Позвонили из губкома партии; секретарь Сулковского сказала, что Федор Владимирович просит товарища Карпунина подготовиться к докладу на четыре часа дня, будет присутствовать кто-то из Москвы, из Совнаркома, но она не запомнила фамилии человека.
— Понял, готов. — Карпунин положил трубку, откинулся в кресле, с улыбкой смотрел на Любушкина и Вереникину.
— А ведь переломили мы хребет Колесникову, друзья мои, переломили, — сказал он. — Хоть и рано еще праздновать победу, а все равно. Теперь легче будет. Да и весна на дворе.
Все трое невольно повернулись к окнам — рекой лилось в них мартовское, неудержимо-яркое, напористое солнце.
— Как там наш батько? Ворон? — спросил Карпунин Любушкина, и начальник бандотдела стал рассказывать, что Шматко жив-здоров, наводит контакты с Осипом Вараввой и Стрешневым, после ухода Колесникова на Тамбовщину появились другие мелкие банды, возни с ними предстоит много.
— Колесников вернется, — убежденно сказал Карпунин. — Не поладят они с Антоновым. Да и бьют их там так, что… — Он не договорил, радостно и светло улыбнулся.

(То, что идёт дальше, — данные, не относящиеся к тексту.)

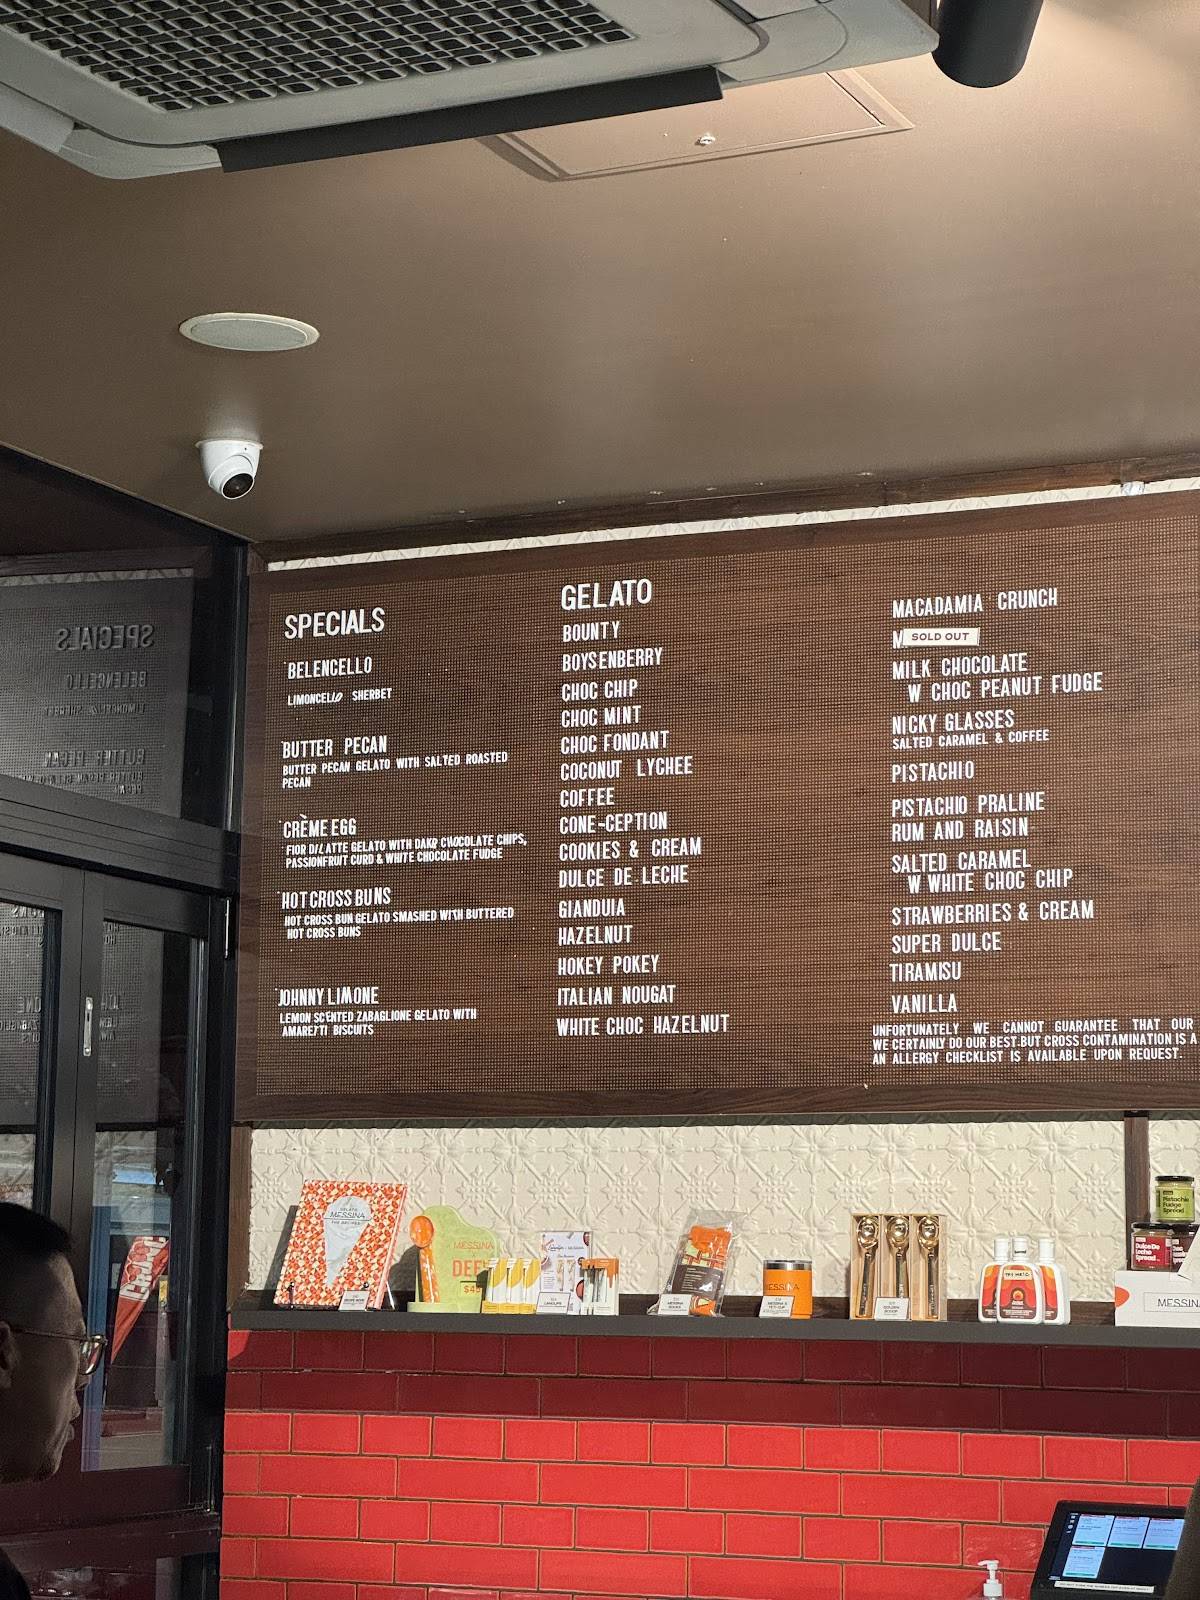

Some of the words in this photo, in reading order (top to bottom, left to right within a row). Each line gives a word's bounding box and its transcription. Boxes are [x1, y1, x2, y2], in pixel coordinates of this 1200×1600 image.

Снова зазвонил один из телефонов, Карпунин, сказав поспешное: «Это Дзержинский!», снял трубку:
— Слушаю вас, Феликс Эдмундович!.. Да-да, Карпунин…
ГЛАВА ТРИДЦАТЬ ЧЕТВЕРТАЯ
С неделю уже запаршивевшей в тамбовских лесах стаей кружила близ Калитвы банда Ивана Колесникова. От «Первого Богучарского полка» осталось человек восемьдесят, а может, и семьдесят, ленивая эта скотина Безручко не хочет даже пересчитать бойцов, да и ему, Колесникову, как-то все равно. Антонов разбит, их, воронежцев, вышибли из-под Уварова красноармейские части, гнали почти до Новохоперска, и если б не леса и наступившая ночь… Да, ночь многим из них спасла жизни, спасает пока и сейчас. С рассветом отряд прячется в дубравах неподалеку от хуторов и деревень; останавливаться в самих хуторах и слободах стало опасно — почти в каждом селе теперь отряды самообороны, повстанцев гнали кольями и вилами, не давали покоя и чекисты.